なんだこの違和感とむしゃくしゃする感じは。原因がわからないだけにどうしていいのかもわからない。


『とりあえず外に出るか』


そうすればここがどこなのかもわかるし、とりあえず動かないと始まらない。私は何故かふわふわとする足を動かして立ち上がり、ドアへ向かう。

ドアを押し開けて広がる光景は自分の家だった。ドクンと心臓が跳ねる。

…おかしい。どうして今私は「自分の家」にいる?目の前に広がるのは家族と共に過ごした故郷の家。真っ直ぐに続く廊下が自然と私を奥へと導いていく。

吸い込まれるように廊下を歩いて行く度にその光景が鮮明に蘇ってくる。生臭い、生き物の脂の臭いが鼻をつく。行くなと頭は思っているのに、いくら命令しても足は勝手に動いていく。

廊下の先に広がっていたのはやはりあの光景だった。家族が殺し合い、無残な姿で床に転がり死んでいる。私は持っていた籠を落とし、果物が足元を転がっていった。

…あぁ、これは夢かと今更になって気づく。もう何度見たかもわからない夢を私はまた繰り返してる。…夢だとわかっているのに涙が止まらない。

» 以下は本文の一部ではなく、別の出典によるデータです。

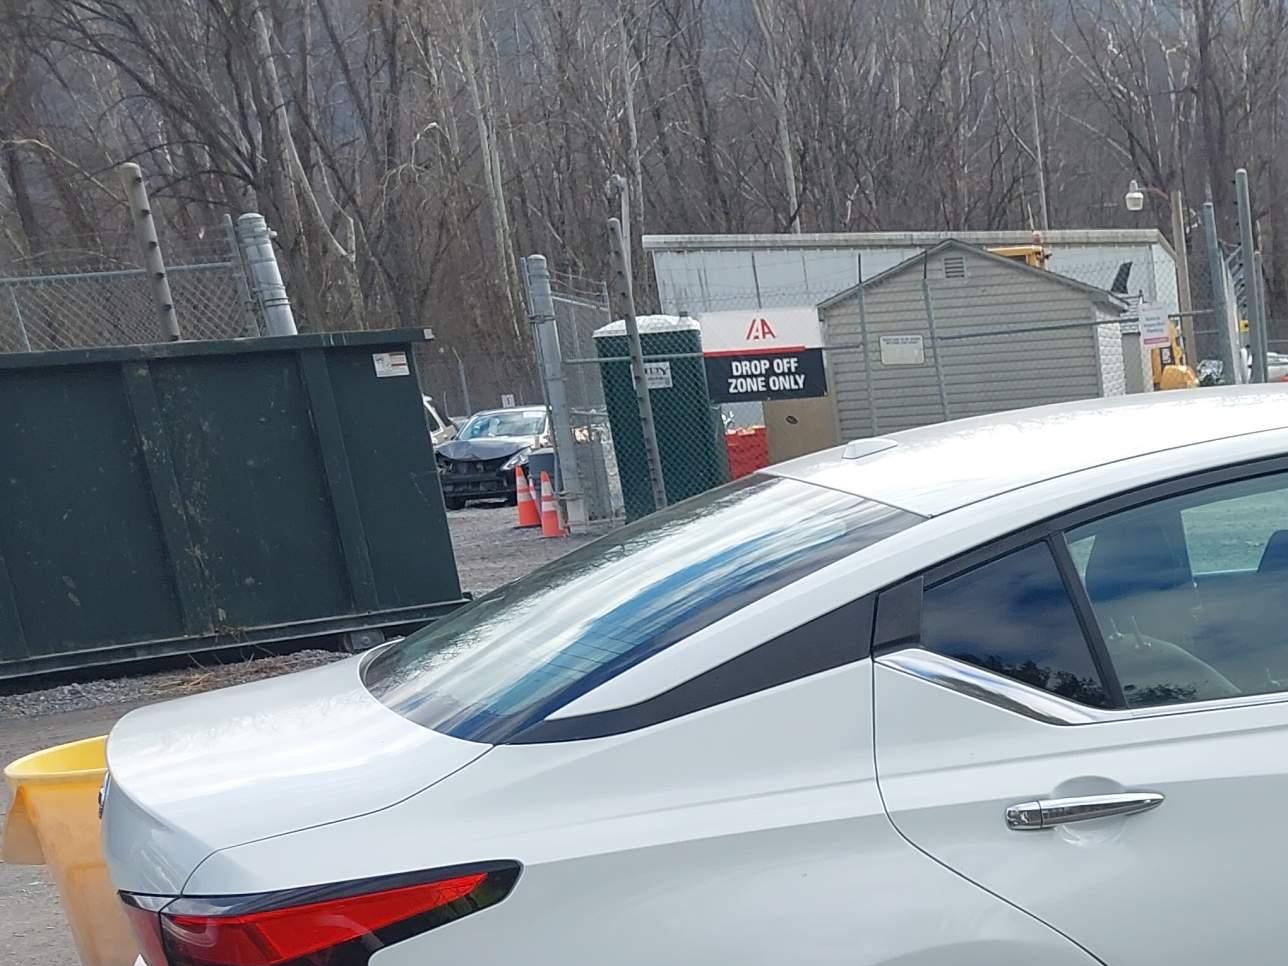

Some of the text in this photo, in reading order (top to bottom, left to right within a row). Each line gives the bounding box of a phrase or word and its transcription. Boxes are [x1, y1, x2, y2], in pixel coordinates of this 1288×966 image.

彼らの身体を揺すってみても起きる気配は全くなく、力なく揺すられるままに動くだけ。服ごしに伝わってくる妙に冷たい肉の感触と、亡骸独特の目の窪みと青白い顔。

力なく倒れた首が、苦しそうに見開かれた瞳をこちらに向ける。眼球としての水分を失い始め、瞳孔の開いた瞳は恐ろしいほど忠実にあの時の記憶を再現する。

じっとこちらを見つめられたまま、私もそれから目が離せず動けなかった。


「ユキ」

『…』


ふと、名前を呼ばれて意識が引き戻される。私を見つめる瞳は生気を失ったものではなく、眉間に皺を寄せ、不機嫌なのか睨んでいるのかわからない見慣れた男のものに変わっていた。


……。

…、……リヴァイ!?


ーー…ゴッ!!


「『……〜ッ!!』」


鈍い衝撃音と共に額に強烈な痛みと眩暈に襲われ再びソファに倒れこむ。…な、なに!?何が起こったの今!?そんなことを考えながら状況を整理しようとしていると「何しやがるてめェ…」と地を這うような声が聞こえてくる。

視線を向ければ頬に手を当てながら、これでもかというほど怒りの感情を剥き出しにしながら睨みつけてきてる。ちょちょちょ、ちょい待ち。まじタンマ。全然状況が把握できてないんですけど。


『…なに、なんでここにリヴァイがいるの?…ていうか痛ぁ…まじ何すんだよ万年無愛想男コノヤロー』

「てめぇいい加減にしろよ…ッそっちがいきなり頭突きかましてきたんだろうが!」

『…頭突き?』


いたた、と頭をさすってればリヴァイは「勝手に人の部屋で寝てたくせにふざけんなよクソ餓鬼が」と舌打ちを零し、僅かに赤く腫れた頬をさすった。